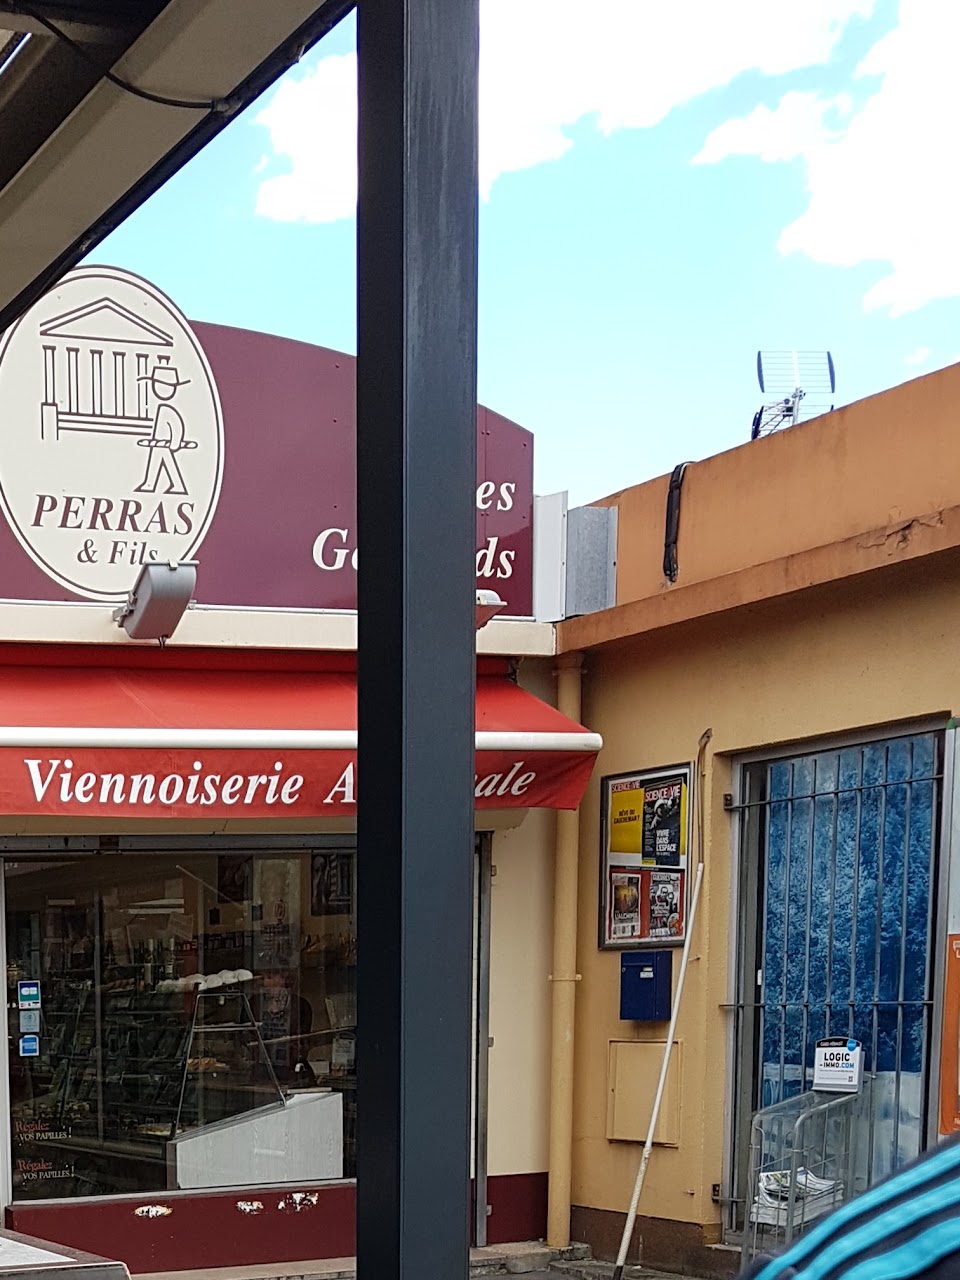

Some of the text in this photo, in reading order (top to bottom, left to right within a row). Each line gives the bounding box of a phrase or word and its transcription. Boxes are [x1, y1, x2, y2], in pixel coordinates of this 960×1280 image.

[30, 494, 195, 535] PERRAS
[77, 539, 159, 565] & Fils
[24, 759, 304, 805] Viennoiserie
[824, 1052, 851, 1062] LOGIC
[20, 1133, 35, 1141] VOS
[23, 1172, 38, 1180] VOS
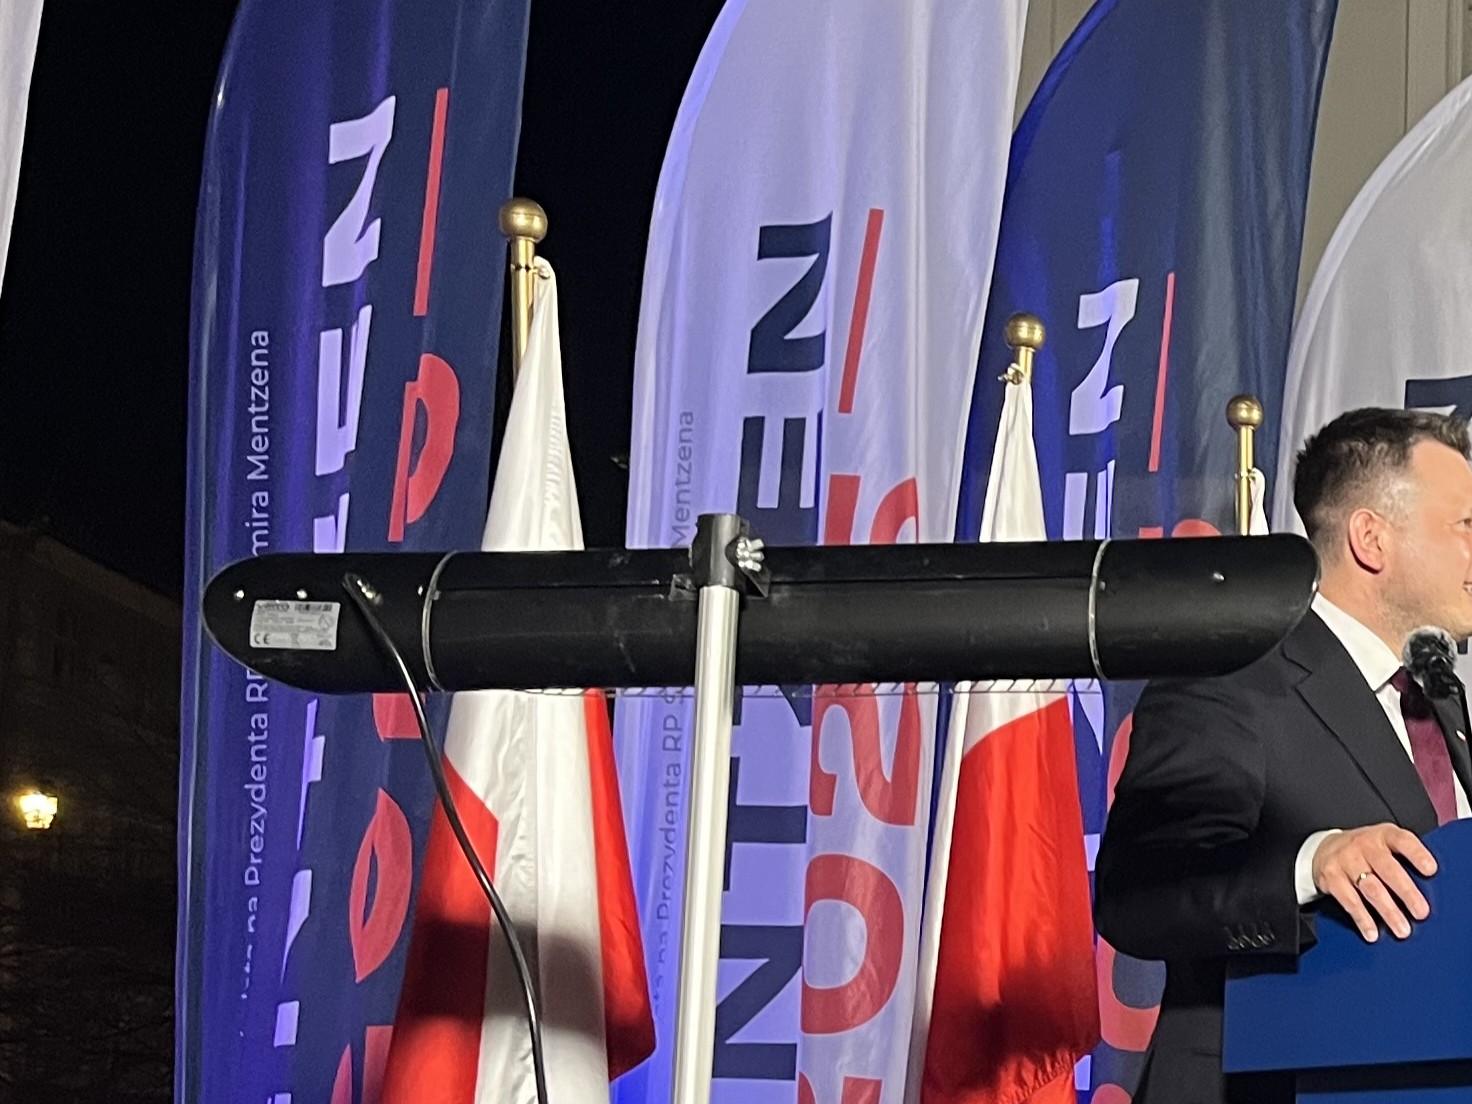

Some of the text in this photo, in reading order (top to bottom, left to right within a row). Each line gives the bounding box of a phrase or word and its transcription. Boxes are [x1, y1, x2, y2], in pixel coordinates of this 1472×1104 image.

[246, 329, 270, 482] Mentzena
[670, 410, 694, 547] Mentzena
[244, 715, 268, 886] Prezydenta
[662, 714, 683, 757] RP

● **What you will do**
Reproduce the full listing above verbatim, with no pictures included.

● **Solution to this task**
Some of the text in this photo, in reading order (top to bottom, left to right within a row). Each line gives the bounding box of a phrase or word and its transcription. Boxes are [x1, y1, x2, y2], in pixel coordinates of this 960×1280 image.

[30, 494, 195, 535] PERRAS
[77, 539, 159, 565] & Fils
[24, 759, 304, 805] Viennoiserie
[824, 1052, 851, 1062] LOGIC
[20, 1133, 35, 1141] VOS
[23, 1172, 38, 1180] VOS

Some of the text in this photo, in reading order (top to bottom, left to right within a row). Each line gives the bounding box of a phrase or word and its transcription. Boxes are [x1, y1, x2, y2], in pixel coordinates of this 1472×1104 image.

[246, 329, 270, 482] Mentzena
[670, 410, 694, 547] Mentzena
[244, 715, 268, 886] Prezydenta
[662, 714, 683, 757] RP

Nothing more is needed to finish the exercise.